Beforehand, CMS carried out a Tukey outlier deletion technique when calculating Medicare Benefit (MA) and Medicare Half D Prescription Drug Plans (PDP) star score. A Last Rule carried out in 2022, nonetheless, removed the use of Tukey outlier deletion from quality measures. Primarily based on 2020 historic knowledge, 17% of MA plans would have lower star ratings as in comparison with only one% would have increased star rankings after eradicating the Tukey outlier deletion. This begs the query, what’s a Tukey Outlier.
Tukey Outlier Definitions.
Tukey outliers are knowledge factors that lie outdoors the next vary;
- Q1 – okay(IQR), Q3+okay(IQR)
Right here Q1 and Q3 are the primary and third quartiles of the information respectively and IQR is the interquartile vary (i.e., the distinction between the third and first quartile). The time period okay is a multiplier, which describes how delicate you’d need to be to outliers. John Tukey proposed that k = 1.5 indicates an “outlier”, and k = 3 indicates data that is “far out”.

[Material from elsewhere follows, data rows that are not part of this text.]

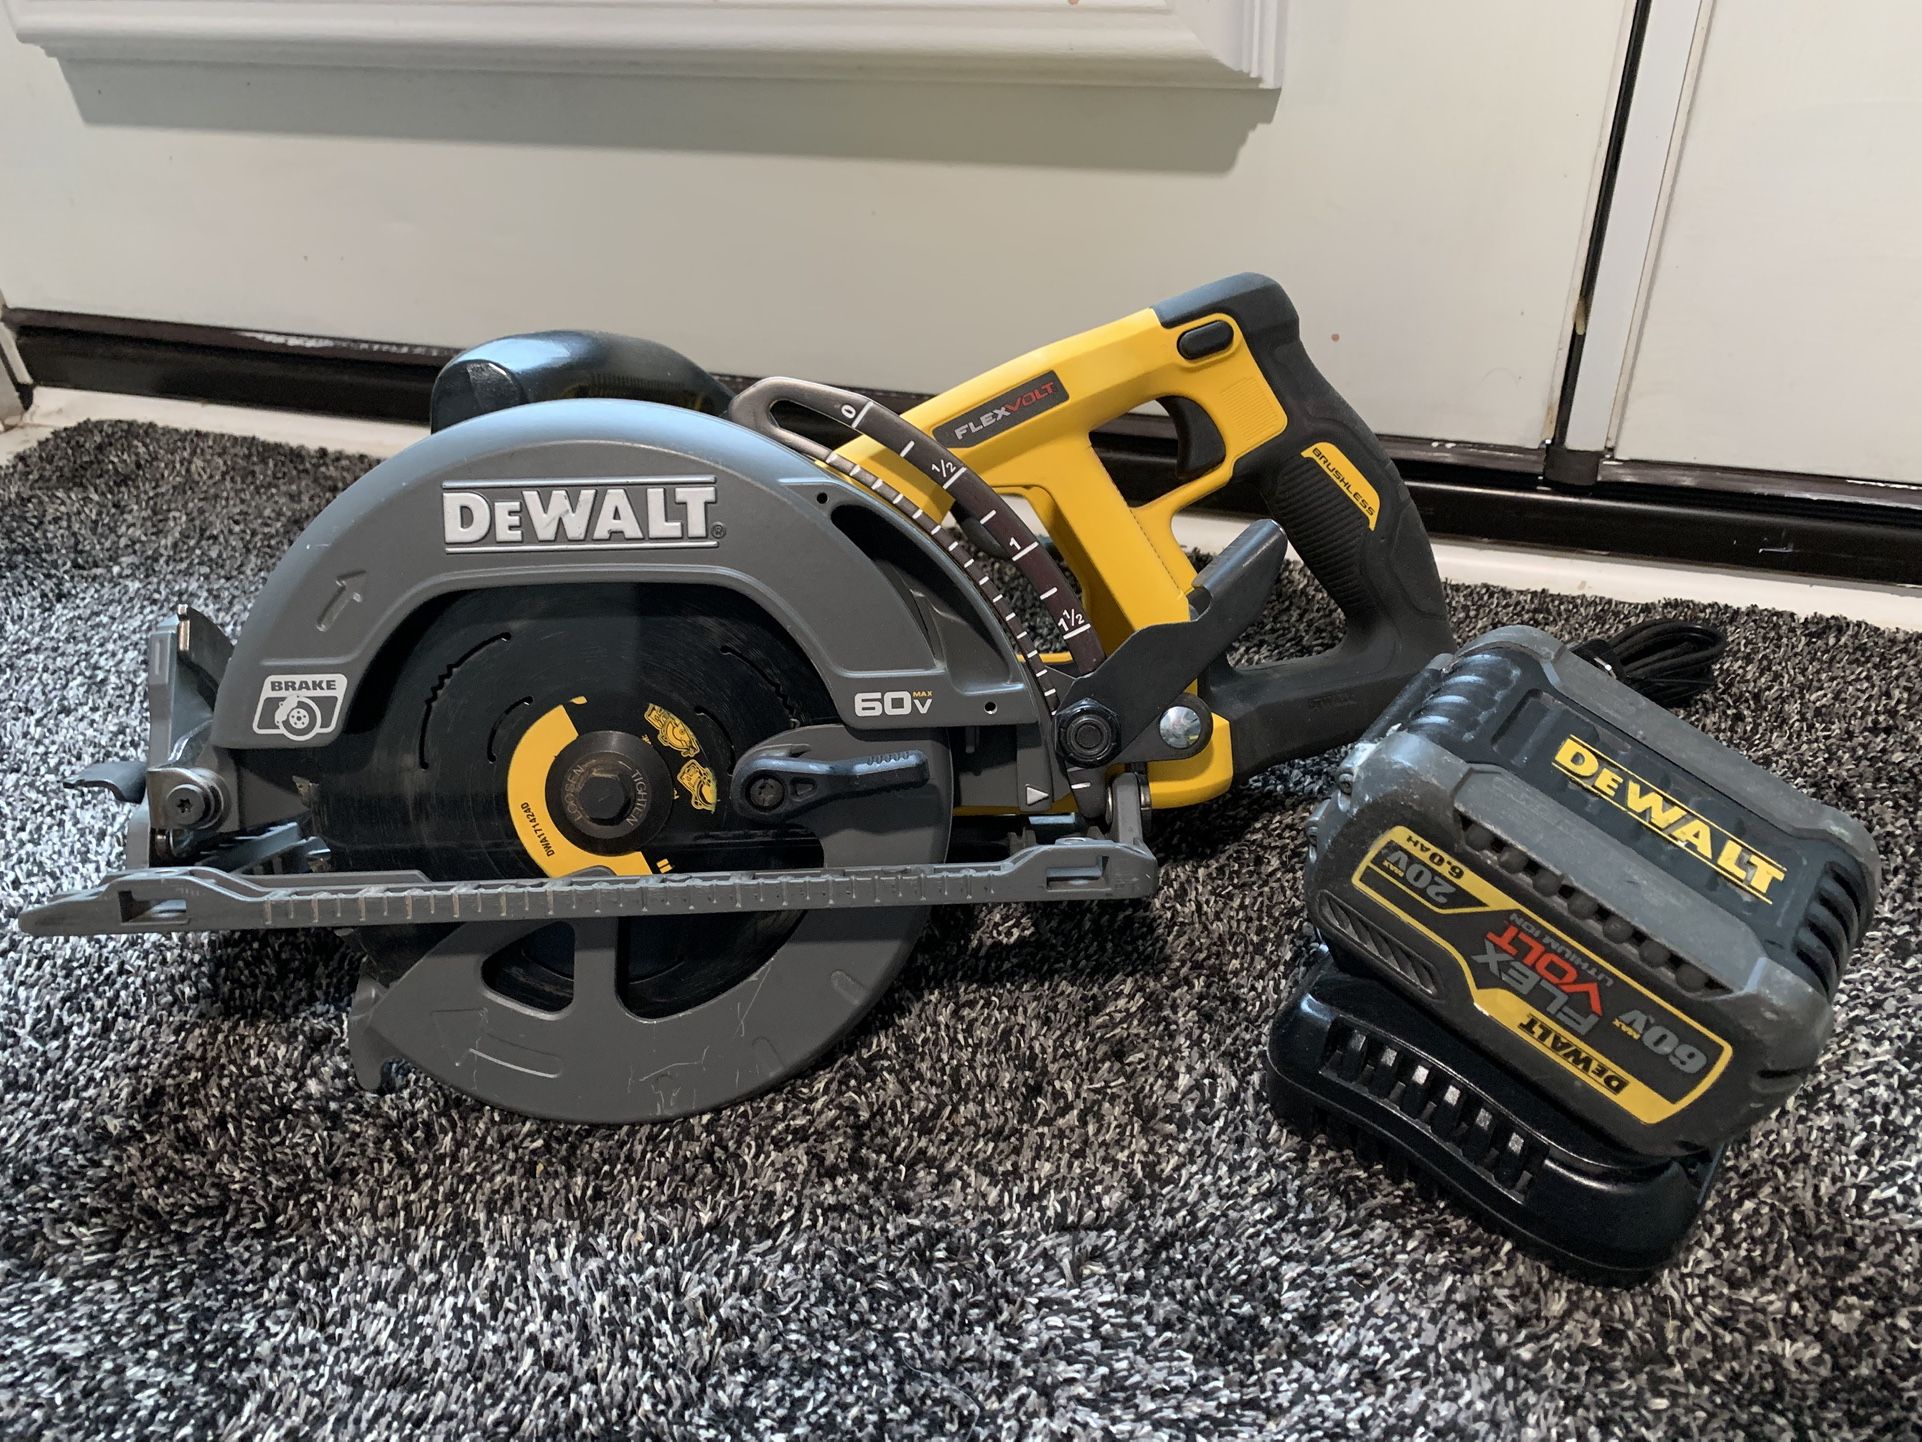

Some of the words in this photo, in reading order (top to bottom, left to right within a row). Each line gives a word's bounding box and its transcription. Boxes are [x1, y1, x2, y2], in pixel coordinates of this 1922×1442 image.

[840, 404, 857, 419] 0
[954, 382, 1054, 440] FLEXVOLT
[1312, 447, 1376, 517] BRUSHLESS
[1009, 537, 1022, 550] 1
[271, 680, 337, 692] BRAKE
[912, 690, 934, 698] MAX
[564, 764, 585, 822] LOOSEN
[626, 769, 649, 827] TIGHTEN
[1554, 738, 1786, 894] DEWALT
[520, 802, 556, 857] DWA171424D
[1471, 938, 1601, 1035] FLEX
[1486, 923, 1603, 1017] VOLT
[1518, 1015, 1629, 1095] DEWALT
[1611, 1016, 1642, 1041] MAX

How seemingly are you to determine an outlier with the Tukey technique?
The reply to this query is dependent upon (i) how vast your Tukey vary is (i.e., the worth of okay) and (ii) the form of your distribution. Andrey Akinshin created simulations to reply this query for Regular, Gumbel and exponential distributions. The outcomes are beneath. As you’ll be able to see beneath, non-normal distributions–particularly exponential–are more likely to have an outlier noticed utilizing the Tukey technique.

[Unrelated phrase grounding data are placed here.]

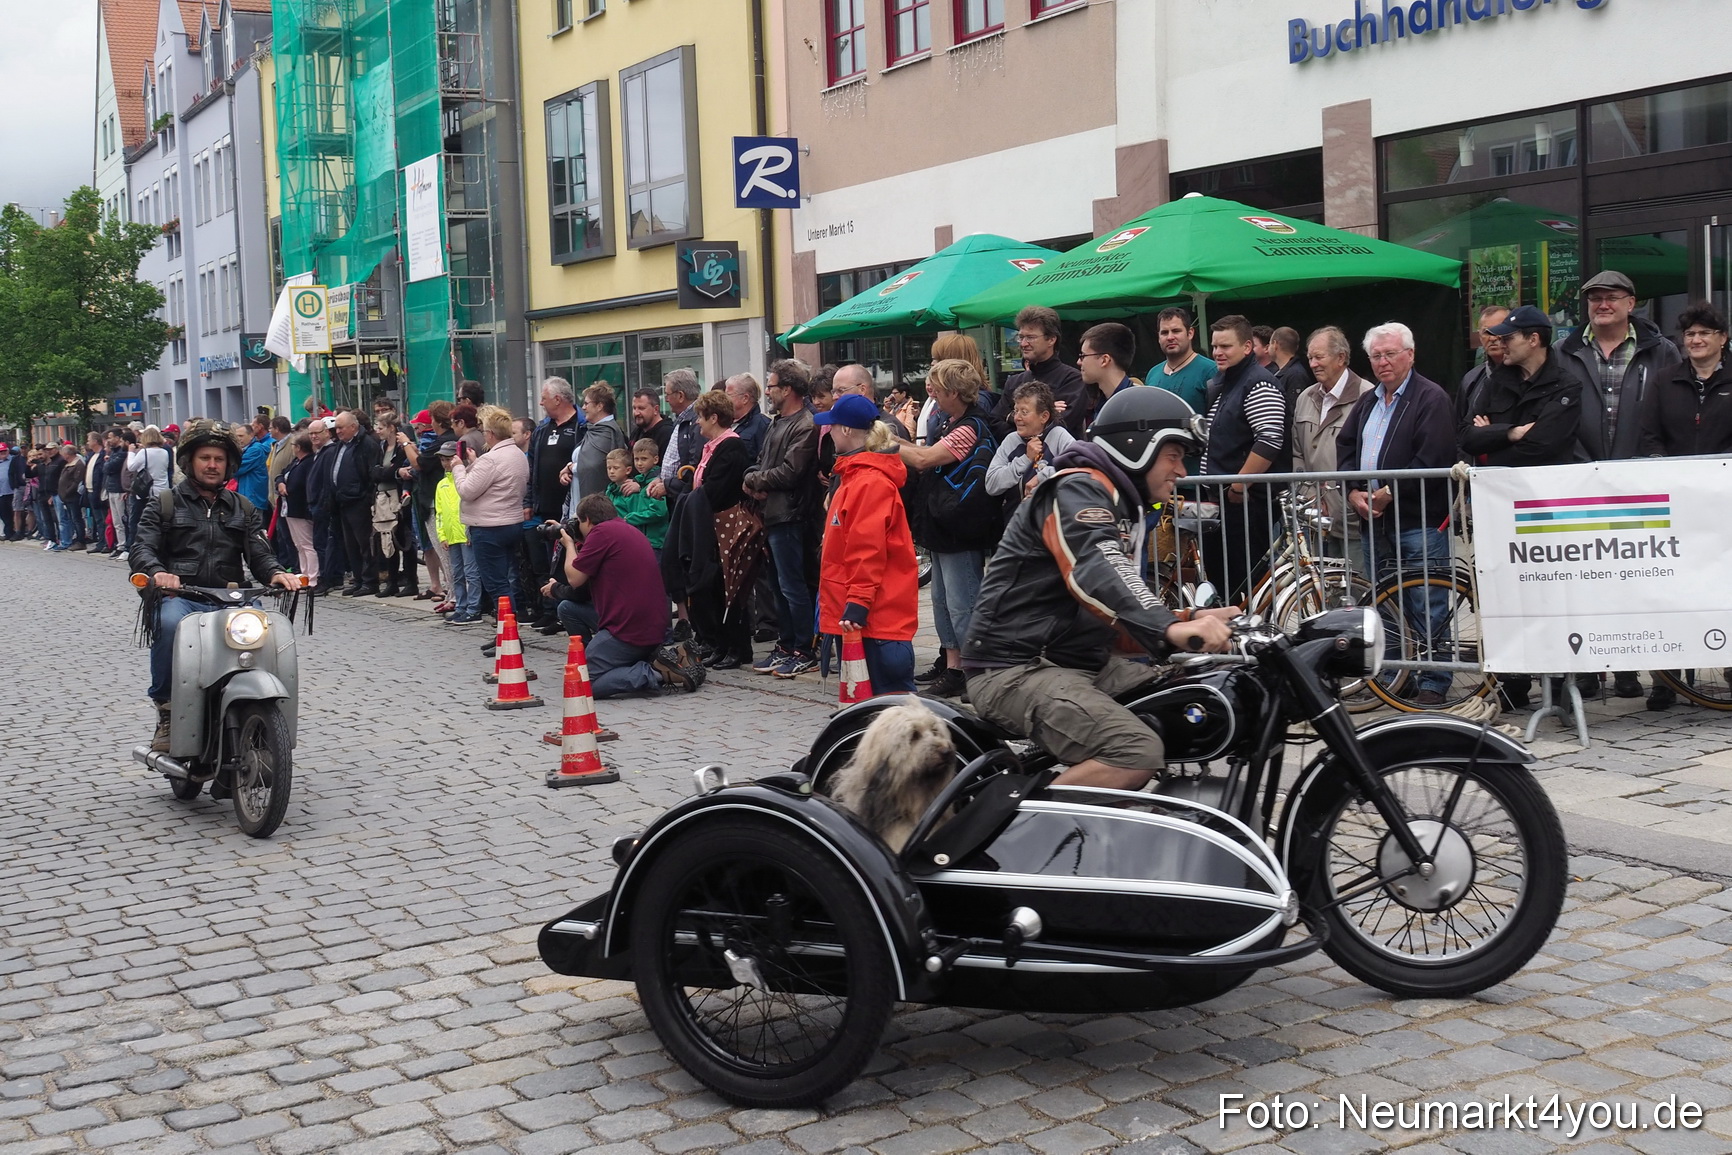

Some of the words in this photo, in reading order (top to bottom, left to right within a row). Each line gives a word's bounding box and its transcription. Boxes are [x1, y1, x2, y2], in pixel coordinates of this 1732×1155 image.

[1288, 0, 1604, 64] Buchhan
[807, 227, 828, 242] Unterer
[828, 223, 846, 238] Markt
[847, 221, 854, 233] 15
[1257, 236, 1342, 245] Neumarkter
[1252, 244, 1375, 257] Lammsbräu
[1054, 251, 1132, 271] Neumarkter
[1026, 259, 1131, 288] Lammsbräu
[1474, 265, 1497, 274] Wald-
[1497, 264, 1513, 272] und
[1475, 283, 1513, 293] Kochbuch
[1509, 535, 1681, 564] NeuerMarkt
[1519, 570, 1573, 582] einkaufen
[1580, 569, 1612, 580] leben
[1619, 567, 1674, 581] genießen
[1588, 630, 1656, 642] Dammstraße
[1658, 630, 1664, 640] 1
[1589, 643, 1641, 655] Neumarkt
[1643, 644, 1650, 653] i.
[1651, 643, 1661, 653] d.
[1663, 642, 1685, 653] OPf.

Like all outliers, identification is vital however what to do with them is dependent upon context. If these are knowledge errors or pure anomalous conditions, one might need to delete them. Alternatively, if these are simply outlier values that occur from time-to-time, one ought to depart them within the knowledge and simply attempt to higher perceive if there’s a knowledge producing course of which differs from the common one which might generate these values. Both manner, the Tukey technique is a useful, easy strategy for figuring out outliers, however it doesn’t inform you what to do with them as soon as they’re recognized.